NASCAR Craftsman Truck Series
Inside the Battle that Decided the Trucks Championship
Nov 5, 2022
After all of that, this narrative ended with Noah Gragson shaking Ty Gibbs’ hand.
"Because they did a good job," Gragson said. "They beat us."
And Gibbs, the 20-year-old grandson of Coach Joe Gibbs, really beat them on Saturday at Phoenix Raceway to claim the NASCAR Xfinity Series championship. Overall, the younger Gibbs still has much to learn in the aftermath of everything that has happened this summer, but to persevere through this past week and win the championship still has to have a tremendous amount of meaning.
It just might take some time to fully appreciate it.
"Definitely have made some mistakes in the past and last weekend, but the best thing for me is to move on," Gibbs said. "And that's what I did today in my race, and we won.
"Just moving on and learning from my mistakes. I can't go back and change the past; and if I could, I would. But we can't do that, and the best thing for me is to learn from it. But to be able to be a champion is awesome."
No one is confusing the triumph for redemption and Gibbs’ peers say there is so much room for growth before his presumptive ascension to the No. 18 Cup Series car before the start of next season. Gragson, who claims to simply not like Gibbs, still respects the drive and that is what he wanted to convey through the handshake.
He also says he empathizes with where Gibbs is right now because it wasn’t that long ago that Gragson was there too. Remember when Gragson intentionally dumped Riley Herbst, badmouthed NASCAR lifer David Starr and got into a public spat with Mike Joy?

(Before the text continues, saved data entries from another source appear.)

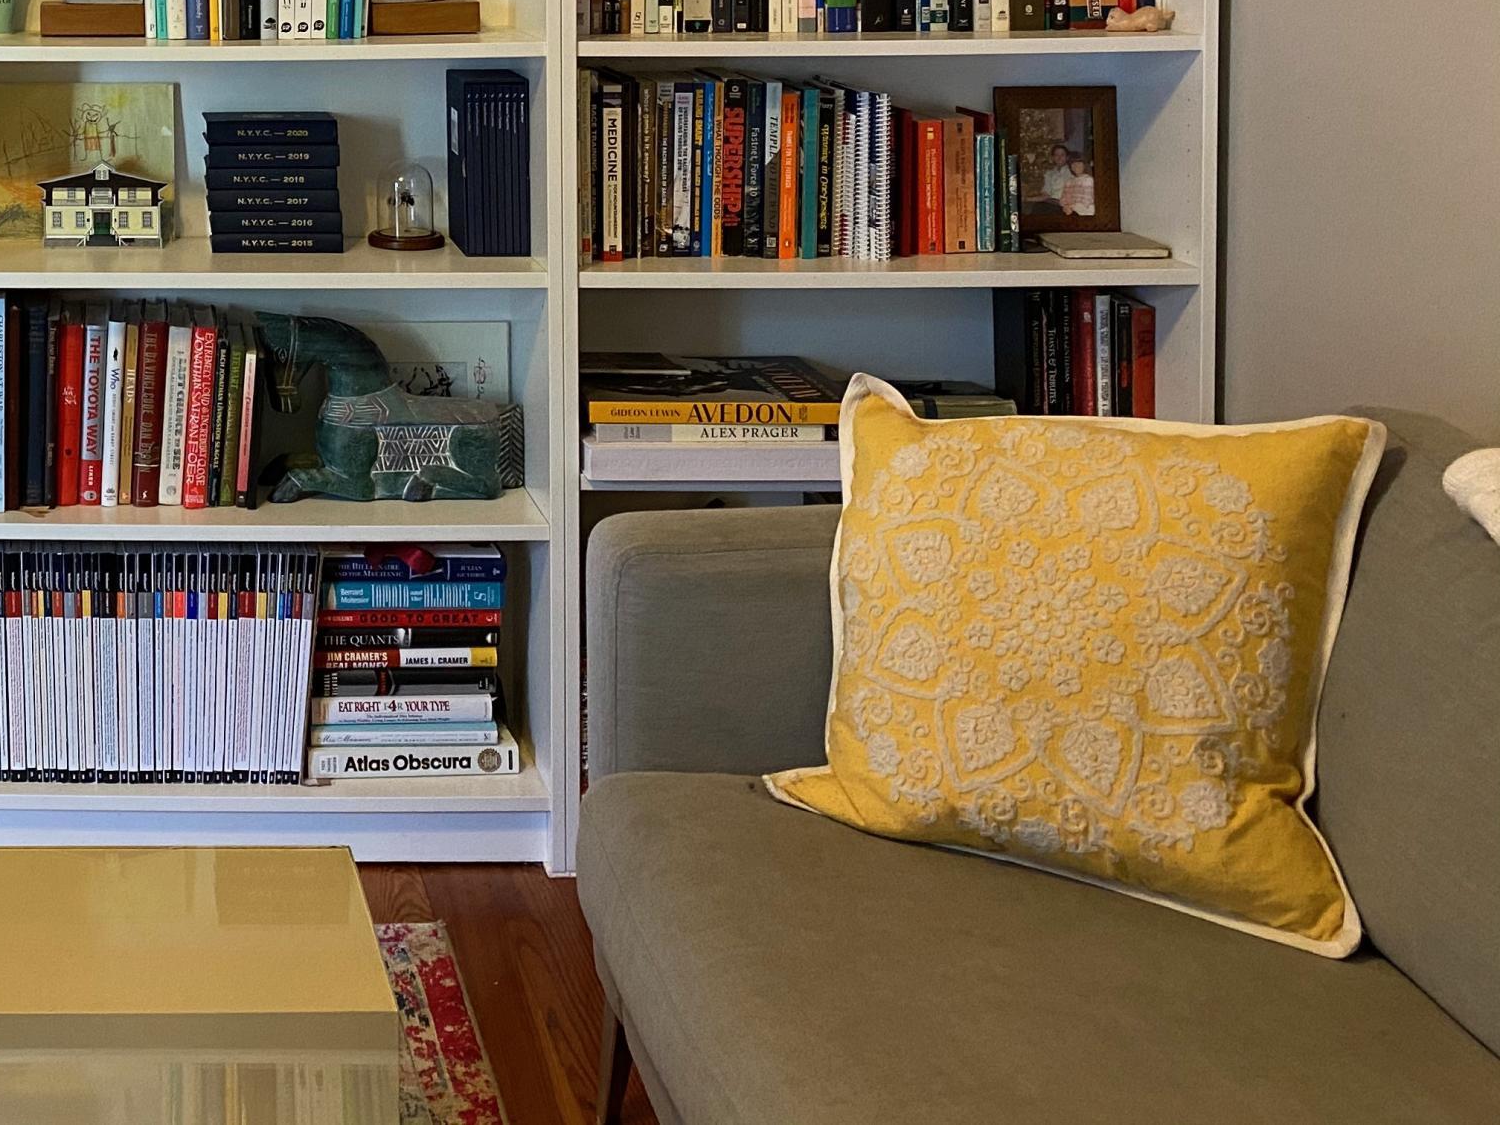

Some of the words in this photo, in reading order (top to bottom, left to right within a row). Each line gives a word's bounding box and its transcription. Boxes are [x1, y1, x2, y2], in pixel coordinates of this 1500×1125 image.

[714, 119, 722, 143] WHAT
[607, 118, 617, 182] MEDICINE
[749, 127, 759, 161] Fastnet,
[714, 143, 722, 178] THOUGH
[723, 107, 744, 212] SUPERSHIP
[749, 163, 759, 185] Force
[714, 179, 722, 196] THE
[749, 187, 759, 197] 10
[714, 197, 722, 220] ODDS
[86, 335, 101, 364] THE
[144, 332, 156, 349] THE
[144, 351, 156, 364] DA
[192, 331, 204, 390] JONATHAN
[202, 332, 214, 381] EXTREMELY
[219, 348, 227, 367] BACH
[110, 368, 120, 389] Who
[144, 365, 156, 390] VINCI
[177, 357, 187, 388] LAST
[231, 351, 241, 389] STEWART
[86, 367, 101, 420] TOYOTA
[126, 368, 134, 404] HEADS
[202, 382, 214, 407] LOUD
[217, 368, 225, 402] JONATHAN
[144, 392, 156, 414] CODE
[175, 390, 185, 437] CHANCE
[188, 391, 201, 439] SAFRAN
[609, 408, 647, 417] GIDEON
[649, 408, 681, 417] LEWIN
[686, 403, 793, 423] AVEDON
[142, 421, 153, 439] DAN
[215, 401, 224, 440] LIVINGSTON
[86, 424, 101, 456] WAY
[199, 414, 210, 458] INCREDIBLY
[699, 427, 737, 439] ALEX
[741, 427, 799, 439] PRAGER
[172, 449, 182, 471] SEE
[186, 441, 199, 484] FOER
[212, 440, 222, 469] SEAGULL
[196, 458, 208, 486] CLOSE
[340, 588, 364, 596] Bernard
[359, 613, 399, 623] GOOD
[406, 613, 424, 623] TO
[432, 613, 480, 623] GREAT
[323, 634, 347, 645] THE
[349, 634, 400, 645] QUANTS
[326, 652, 342, 661] JIM
[344, 652, 388, 661] CRAMER'S
[404, 656, 429, 665] JAMES
[437, 656, 469, 665] CRAMER
[338, 701, 354, 712] EAT
[354, 701, 380, 712] RIGHT
[404, 701, 428, 712] YOUR
[431, 701, 451, 712] TYPE
[344, 755, 390, 773] Atlas
[392, 755, 472, 773] Obscura

Gragson understands fully what it’s like to be a pariah to a large portion of the fanbase but also how to become the good guy again too.

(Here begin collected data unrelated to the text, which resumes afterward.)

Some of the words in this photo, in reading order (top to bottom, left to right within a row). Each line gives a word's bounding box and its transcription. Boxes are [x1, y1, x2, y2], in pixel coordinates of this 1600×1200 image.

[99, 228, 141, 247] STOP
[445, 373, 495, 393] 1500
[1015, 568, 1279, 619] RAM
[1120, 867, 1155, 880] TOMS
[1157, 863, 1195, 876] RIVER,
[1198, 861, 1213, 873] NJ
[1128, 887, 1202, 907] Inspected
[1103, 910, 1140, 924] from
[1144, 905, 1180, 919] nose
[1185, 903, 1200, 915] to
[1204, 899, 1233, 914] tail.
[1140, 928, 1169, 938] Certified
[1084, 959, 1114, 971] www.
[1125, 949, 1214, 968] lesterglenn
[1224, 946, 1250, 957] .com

"It takes a lot and being honest with yourself, to have honest people around you, to sit you down and say, hey, changes need to be made," Gragson said.
He says they used to be friends.
"You know, probably three, four years ago, he was a super cool kid," Gragson said. "He really was, but I don't know, it's just kind of changed over the last couple years, and I've told him that, and he knows that…
"I told him that ’hey, you used to be a super cool kid and you kind of turned into a little bit of a d----bag.’ There's your quote, you headlines."
That’s a snapshot of the uphill battle Gibbs faces just to be perceived positively within the confines of a sport he’s spent his entire life in. Even Joe Gibbs Racing driver Denny Hamlin made a subtle reference to his incident at Martinsville last weekend, seemingly suggesting that Ty could have benefitted from the tutelage of his late uncle JD.
His dad, Coy, says Ty is aware of how costly the past week has been to his reputation.
"To see a kid hurting, because he knows he screwed up, and to go through all that, it’s tough. It's tough as a parent for sure."
Coy says he entered this weekend just wanting to get it over with so they could turn the page as a team and family.
"Watching today, and seeing his determination, because he’s got that and the skills, that definitely made me proud," the elder Gibbs said. "I think it made my wife … we were both proud, just because he just hammered down and did his job. If he wants to do this for a living, he's going to learn how to do that."
Justin Allgaier says Gibbs controls his destiny in terms of what comes next.
"I think we all kind of agree he's probably going Cup racing next year in the 18, but no official announcement, but I think he's going to have to right some wrongs," Allgaier said. "You've also got to think like he's super young, he's lived a different lifestyle than Noah and I have, and he's making decisions based on what he thinks is best.
"Is that decision always best? Probably not.
"But we've all been there, we've done that. He did a great job tonight. He ran the best race, and they had the best car. You can't knock them for that."
And for his part, Gibbs says all he can do moving forward is let his next actions dictate his reputation, because he knows the industry is beyond hearing words that appear to be hallow in hindsight.
He knows he still has some growing up to do -- championship notwithstanding.
"People have had a lot of harsh things to say, and that's their opinion," Gibbs said. "And some of it might be true, but I don't really -- that's what they're going to say, and I just do the best work I can, let my on-track performance show for that.
"And if I've made some mistakes, then I'm going to work hard as I can to fix them. I know I have and that's what I'm going to do. I can't control what they say."
From that standpoint, maybe Gragson isn’t suddenly going to like Gibbs, but offering that handshake was the first step towards gaining some respect back.
"There was definitely a lot of disrespect, but I really respect him coming up," Gibbs said. "I feel like I've known him a really long time. Definitely some harsh words said, but it's part of it. It's part of the path that I'm on here.
"I definitely respect him. I feel like we had a lot of great racing with Noah and his teammates, as well, tonight, so thank you to him and thank you for all the kind words. It was awesome to be able to get this championship."